Postgres generate_series

yokoloko picture yokoloko · Aug 21, 2011 · Viewed 10k times · Source

What I want to is to make statistics on a table and for this I'm using generate_series();

Here is what I'm doing:

SELECT x.month, amount
FROM (SELECT generate_series(
                 min(date_trunc('month', date)),
                 max(date_trunc('month', date)),
                 '1 month'
      ) AS month
      FROM table
      WHERE user_id = 55 AND ...
) x
LEFT JOIN (
      SELECT SUM(amount) AS amount, date_trunc('month', date) AS month
      FROM table
      WHERE user_id = 55 AND ...
      GROUP BY month
) q ON q.month = x.month
ORDER BY month

This works well but when I want to apply filters like get the amount for specifics users I have to apply them twice.
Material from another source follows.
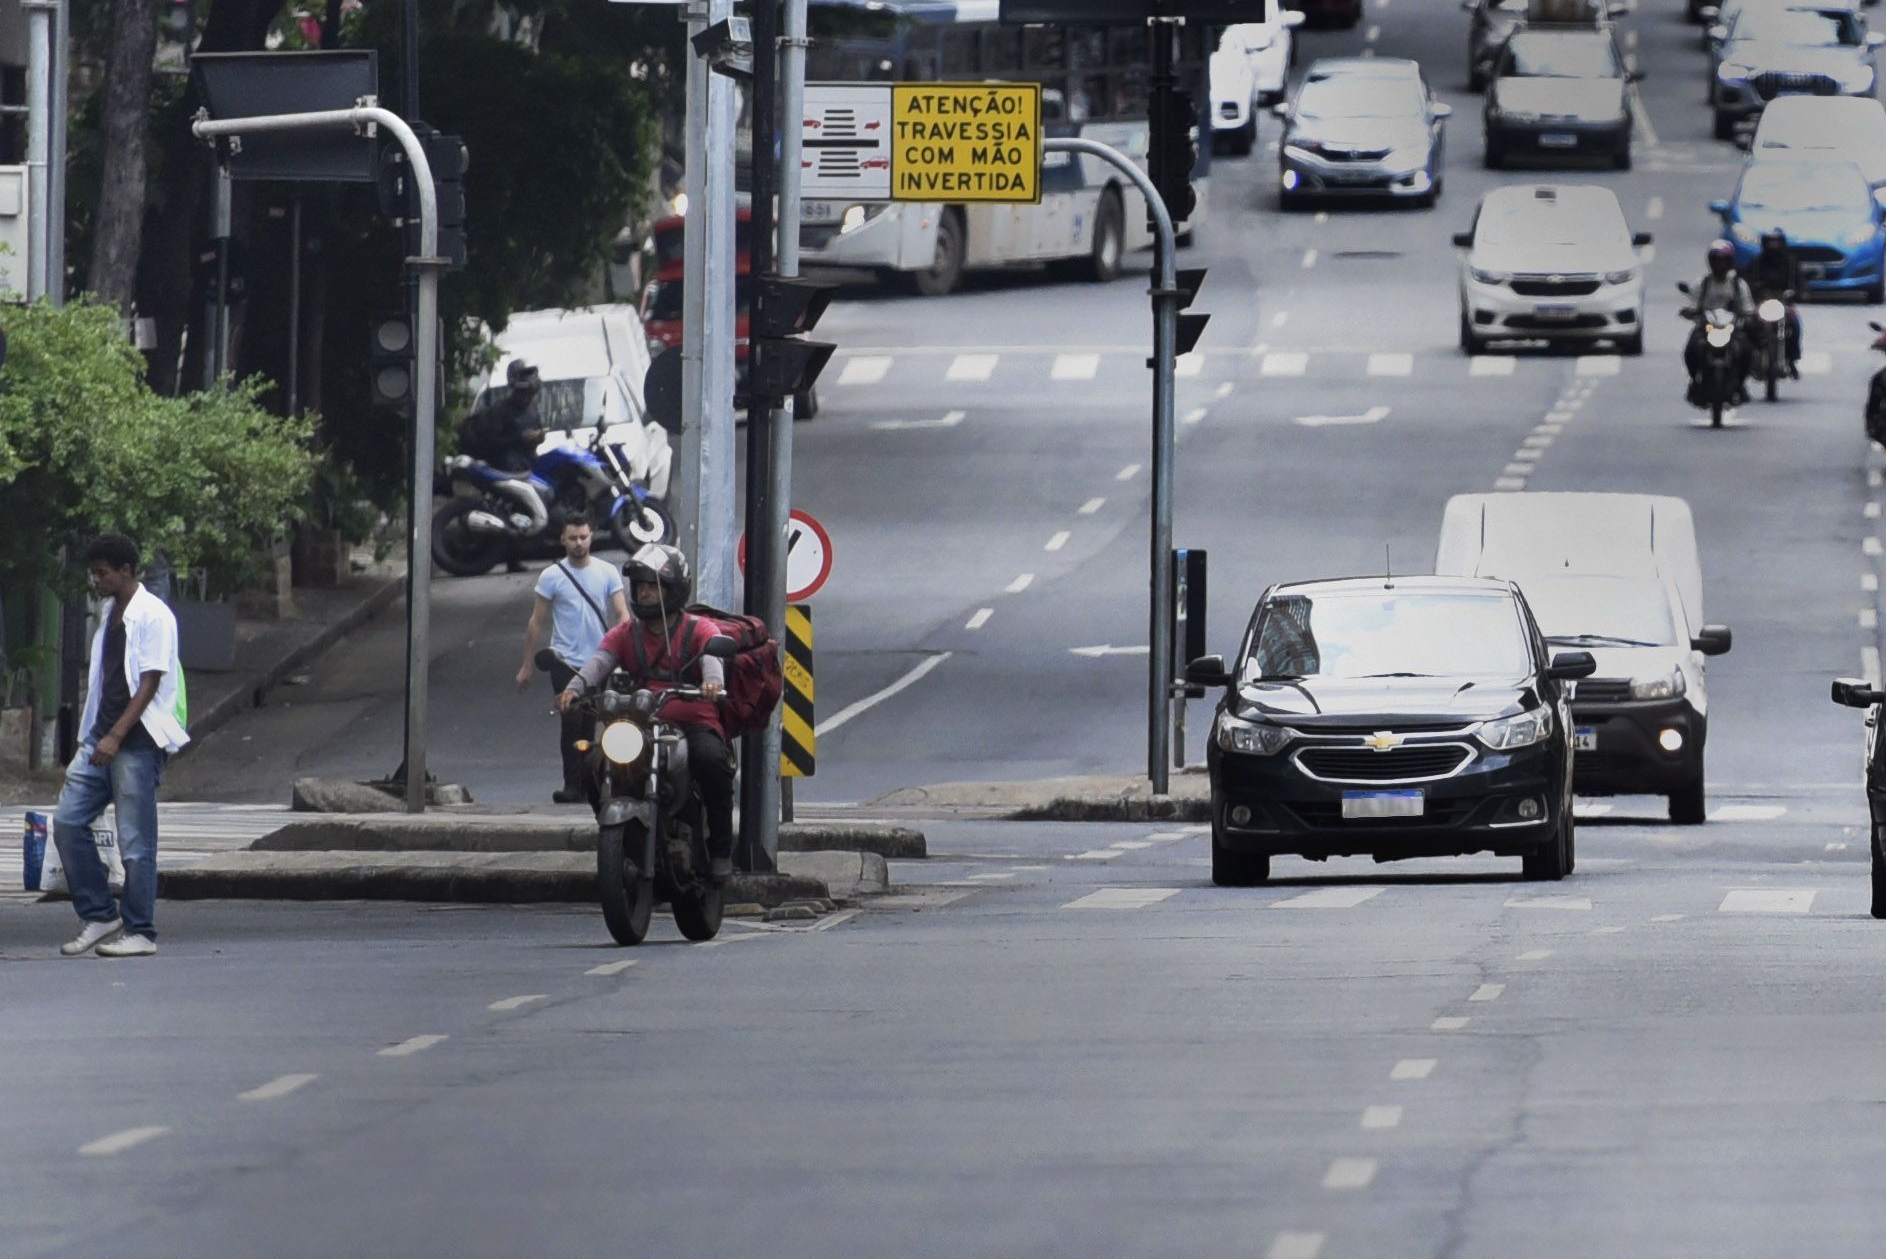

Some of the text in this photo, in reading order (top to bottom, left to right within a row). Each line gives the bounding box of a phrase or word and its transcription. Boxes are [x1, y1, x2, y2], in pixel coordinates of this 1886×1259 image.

[907, 91, 1022, 118] ATENÇÃO!
[897, 121, 1031, 140] TRAVESSIA
[905, 142, 1022, 165] COM MÃO
[900, 172, 1026, 191] INVERTIDA
Is there a way to avoid filtering twice, or to rewrite this in a more efficient way because I'm not sure if it's the right way to do it?

Answer

Grzegorz Szpetkowski picture Grzegorz Szpetkowski · Aug 21, 2011

You could write WITH query for this:

WITH month_amount AS
(
    SELECT
        sum(amount) AS amount,
        date_trunc('month', date) AS month
    FROM Amount
    WHERE user_id = 55 -- AND ...
    GROUP BY month
)
SELECT month, amount
FROM
    (SELECT generate_series(min(month), max(month), '1 month') AS month
    FROM month_amount) x
LEFT JOIN month_amount
USING (month)
ORDER BY month;

Example result:

SELECT * FROM amount WHERE user_id = 55;
 amount_id | user_id | amount |    date    
-----------+---------+--------+------------
         3 |      55 |      7 | 2011-03-16
         4 |      55 |      5 | 2011-03-22
         5 |      55 |      2 | 2011-05-07
         6 |      55 |     18 | 2011-05-27
         7 |      55 |      4 | 2011-06-14
(5 rows)

WITH month_amount ..
         month          | amount 
------------------------+--------
 2011-03-01 00:00:00+01 |     12
 2011-04-01 00:00:00+02 |       
 2011-05-01 00:00:00+02 |     20
 2011-06-01 00:00:00+02 |      4
(4 rows)